What the task requires → For every entry below, give it back exactly and leave out any image.

(Annotated photo localization data)
== Segment start ==

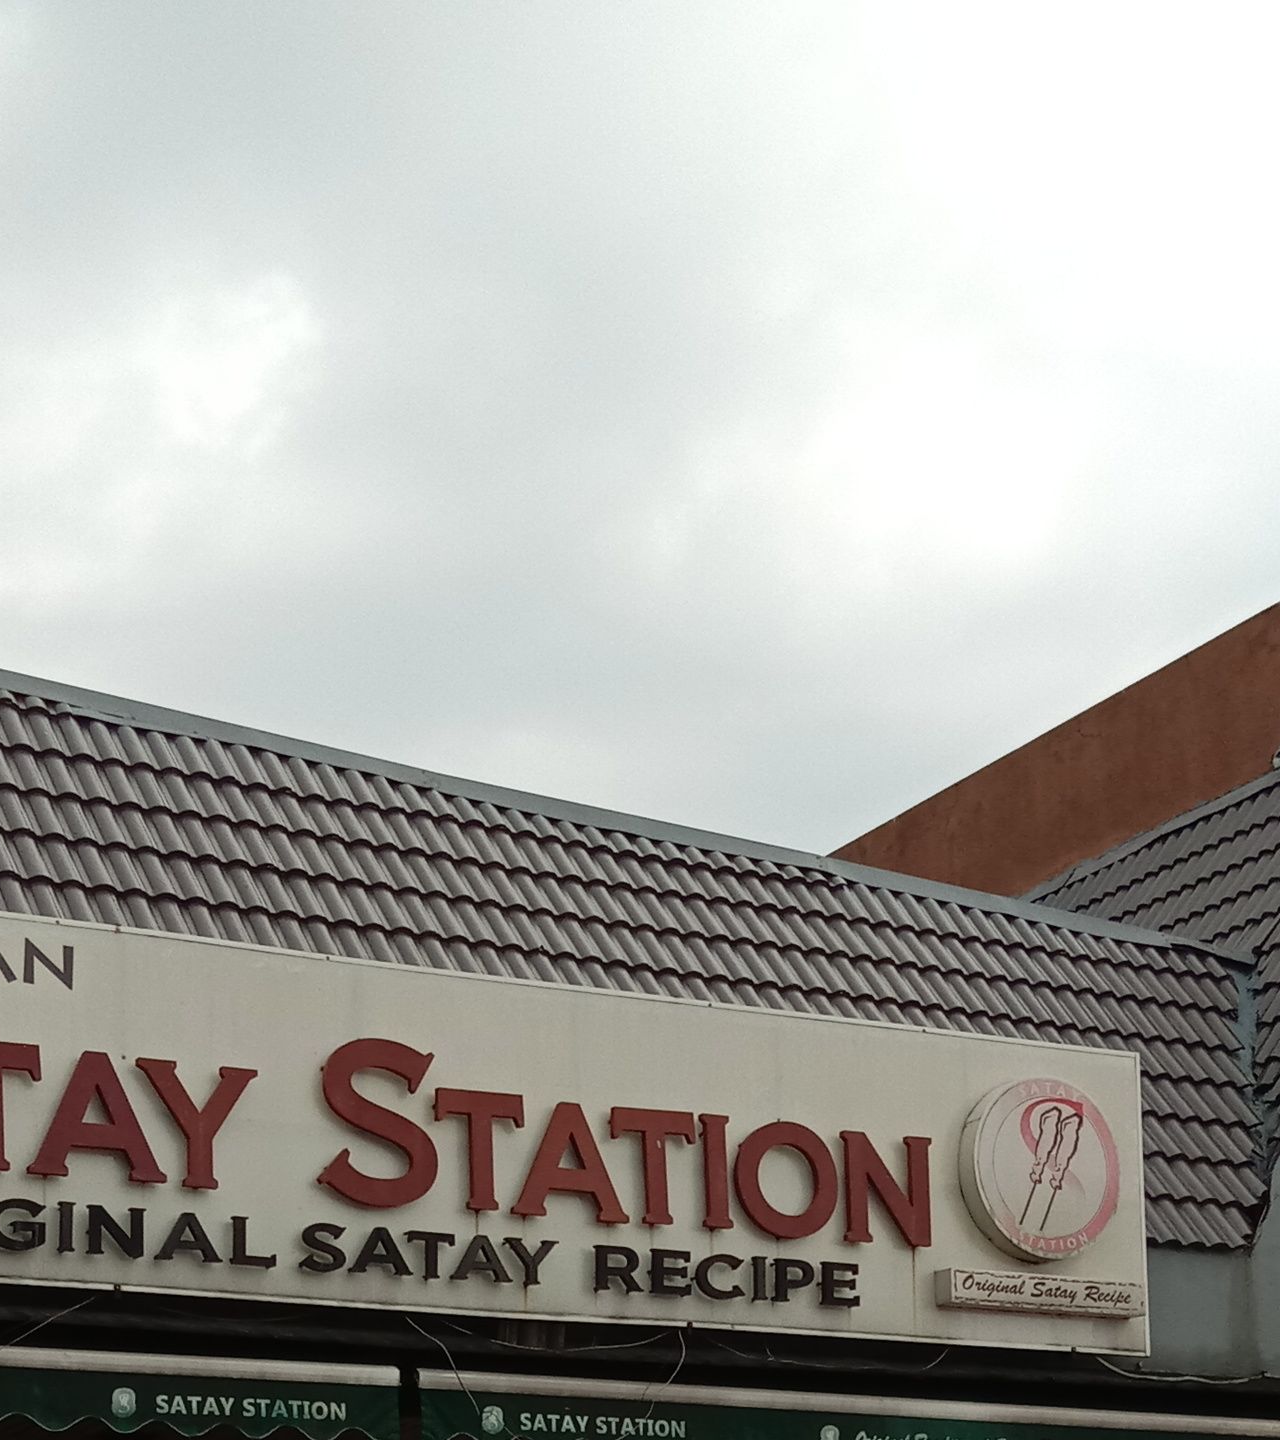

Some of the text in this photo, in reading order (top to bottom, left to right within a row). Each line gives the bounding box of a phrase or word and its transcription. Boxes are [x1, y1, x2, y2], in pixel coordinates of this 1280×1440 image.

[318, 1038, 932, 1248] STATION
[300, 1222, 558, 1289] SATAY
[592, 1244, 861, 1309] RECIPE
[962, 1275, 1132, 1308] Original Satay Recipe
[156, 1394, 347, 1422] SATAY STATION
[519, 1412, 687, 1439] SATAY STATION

== Segment end ==

Solution to the exercise →
Some of the text in this photo, in reading order (top to bottom, left to right within a row). Each line gives the bounding box of a phrase or word and its transcription. Boxes are [x1, y1, x2, y2], in pixel coordinates of this 1280×1440 image.

[318, 1038, 932, 1248] STATION
[300, 1222, 558, 1289] SATAY
[592, 1244, 861, 1309] RECIPE
[962, 1275, 1132, 1308] Original Satay Recipe
[156, 1394, 347, 1422] SATAY STATION
[519, 1412, 687, 1439] SATAY STATION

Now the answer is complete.